20.月1回のイベントとキックオフについて
その日の新森田塾が終わると、恒例のバーベキューになる。僕は塾に出ていたので伊浅木君や早坂君たちが準備をしてくれていた。
そうして例によって先生を呼び、乾杯をして、フレーフレーの引継ぎも行われることになった。
片付けの時間になった時、先生は院生と3年生に少し話をしている。けれど、片付けなのでそれをやるために色々と運ぶことに。バーベキューをやる時は照明をいつもつけているのだけれど、それを院生の戸崎さんが方付けた時、イガさんがめずらしくあることを言った。
「あ、それまだ片付けないでくれる?」
「わかりました」
イガさんが自分たちの作業に口を出すってことはほとんどない。やらせることには色々と言ってくるけれど、ここまで具体的に何かを言うのは今までほとんどなかった。
それが僕は凄く気になった「どうしてあそこであんなことを言ったんだろう」と。そう思ったのでやや耳を傾けながら作業することに。
やがて、先生は院生3年生との会話が終わって、部屋に戻っていった。その後で、イガさんが戸崎さんに「どうしてあそこで照明片付けないでっていったかわかる?」と聞く。
まあ普通に考えたら「目上の人が話をしているのに明るくないと」みたいな感じのことが思いつくのだけれど、実際森田研はそういうのは「ない」敬う必要性とか尊敬の順守性とかない。
「イガさんの事をイガって言うこともあるし」
だから今回のこれは別の角度の話。
「先生は話すとき、相手の表情をみるわけ。だから明るくないと見れないでしょ」
とのことだった。
目は口程に物を言うって言葉があるのだけれど、それ以上に行動、つまり表情や姿勢と言うのは見る側にとって「重要な・・・要素?」みたいなものである。というのは気質を何となく学んでいた僕からしたら理解できることで。
だから、なんか言われたときはわからない。けれど、その先に有るモノを言われると「ああ、そういうことね」という感覚がついてきた。・・・ような気がする。
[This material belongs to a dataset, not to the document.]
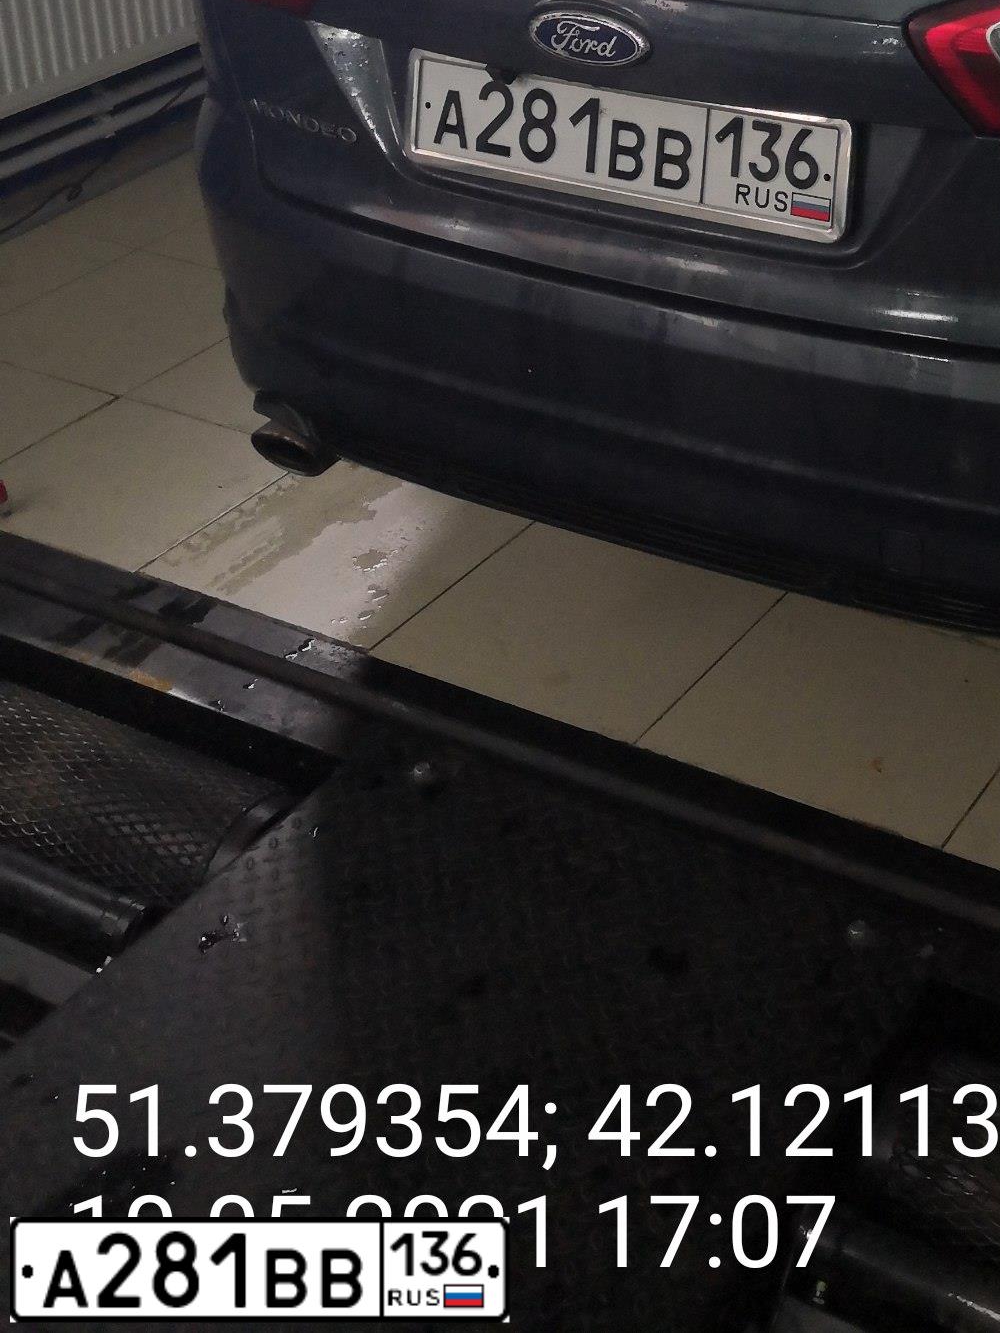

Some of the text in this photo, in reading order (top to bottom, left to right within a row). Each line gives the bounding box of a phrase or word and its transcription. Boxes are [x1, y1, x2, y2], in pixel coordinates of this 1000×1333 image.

[550, 20, 618, 58] Ford
[714, 116, 820, 190] 136
[735, 183, 789, 213] RUS
椅子に座って資料をまとめていると、僕のところにイガさんと矢代さんがやってきた。
「まっちゃん、もうキックオフ合宿の話とか進めてる?」
「そうですね、岡崎君にはもうどうやるかって言うのは伝えてます」
「今回はキックオフ合宿と卒業旅行を同じにするから」
「・・・卒業旅行って毎年やってます?」
「やってないね。今年からやるってことで」
キックオフ合宿は4月に毎年行われていた。けれど、今回は3.4年が一緒に行く。となると3月に行かなければならない。3月20日が卒業式なわけで。
「え?じゃあ、相当急がないといけなく無いですか?」
「そうだよ」
1.2月は論文の提出や卒研発表があってかなり予定はつまっている。だから3月の上旬にやる。とのことだった。
そうなってくると話は変わってくる。
今年は4年生が卒業してからでも十分に間に合った。けれど、そうなるとある程度僕もやらなけば行けないということになるので・・・。
「わかりました」
返事をして伊佐木君と中村君の元へ。当然、この時期はOB会の開催準備が行われ始めている。その予定と進み具合を聞くことに。
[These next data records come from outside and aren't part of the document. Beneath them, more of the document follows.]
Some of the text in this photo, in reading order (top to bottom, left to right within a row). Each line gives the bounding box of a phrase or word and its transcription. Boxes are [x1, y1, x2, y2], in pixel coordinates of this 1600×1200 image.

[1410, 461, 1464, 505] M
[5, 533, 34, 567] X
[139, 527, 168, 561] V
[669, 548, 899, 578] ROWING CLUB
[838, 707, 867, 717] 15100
僕がキックオフ合宿と卒業旅行の両方を一緒の場所で行うということを伝えると、彼らも僕と同じ反応をすることに。
「院生も行くの?」
「うん、戸崎さん達も行くって」
来年は森田研究室の方付けもある。物理的な実験道具のこともあるけれど、そういうことをきっと12期生と11期の院生がやることになる。となると、塾でやっていることを前にやっておかないと時間が少なくなってしまう。
こんな感じの意図があるのだろうか。
3年生が研究室に出入りするようになってから、雰囲気は引継ぎという次の年の事を考えながら進めていくようになっていった。それは実験も同じことで、僕がやっていることもだんだんと近藤君とまとめに入ることに。
「そろそろ卒業が見えてきた」
そう思ってたのだけれど、この後に大きなイベントが控えている。